**DATASET EXCERPTS:**
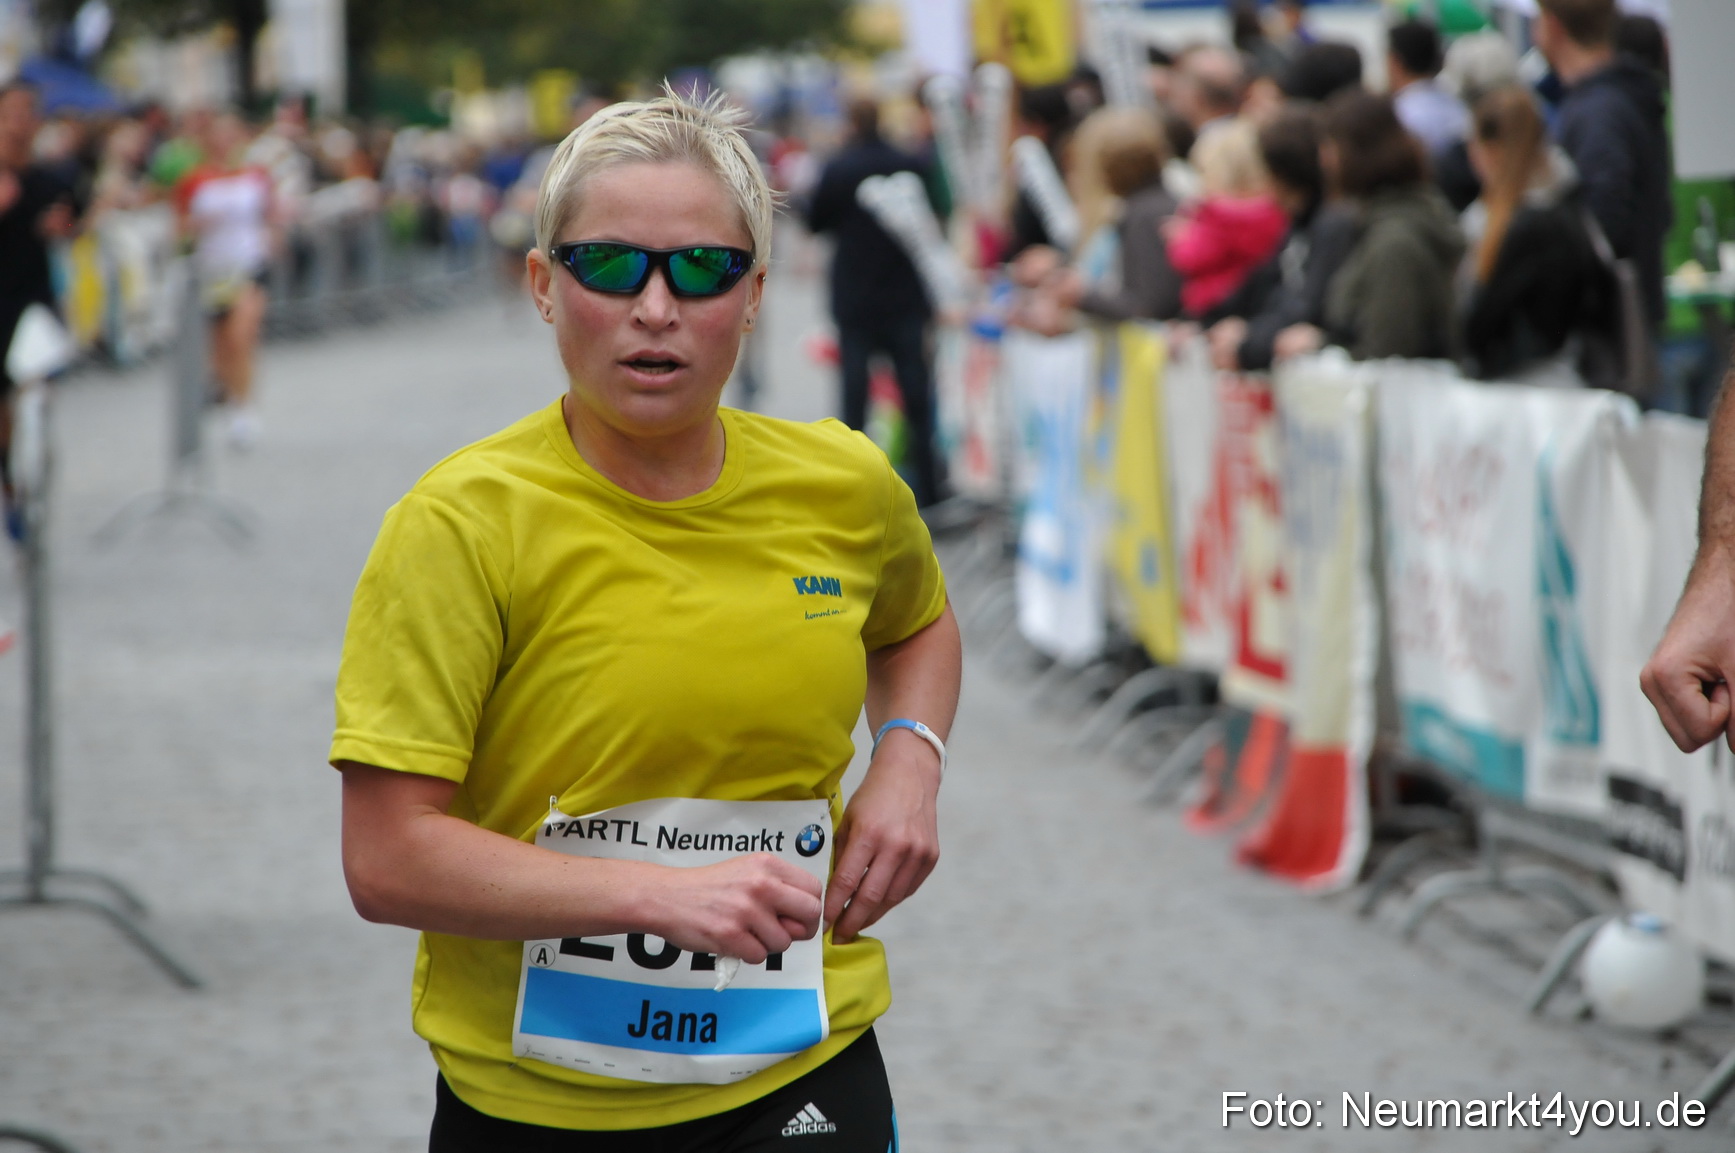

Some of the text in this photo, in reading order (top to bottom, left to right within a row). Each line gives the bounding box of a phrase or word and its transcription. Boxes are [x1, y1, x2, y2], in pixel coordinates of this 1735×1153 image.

[792, 575, 842, 597] KANN
[545, 819, 785, 852] PARTL Neumarkt
[536, 948, 548, 965] A
[627, 999, 718, 1044] Jana
[781, 1120, 837, 1137] adidas

**BRIEF:** In your copy of the entries above, leave out the pictures and keep every word exact.

**SOLUTION:**
Some of the text in this photo, in reading order (top to bottom, left to right within a row). Each line gives the bounding box of a phrase or word and its transcription. Boxes are [x1, y1, x2, y2], in pixel coordinates of this 1735×1153 image.

[792, 575, 842, 597] KANN
[545, 819, 785, 852] PARTL Neumarkt
[536, 948, 548, 965] A
[627, 999, 718, 1044] Jana
[781, 1120, 837, 1137] adidas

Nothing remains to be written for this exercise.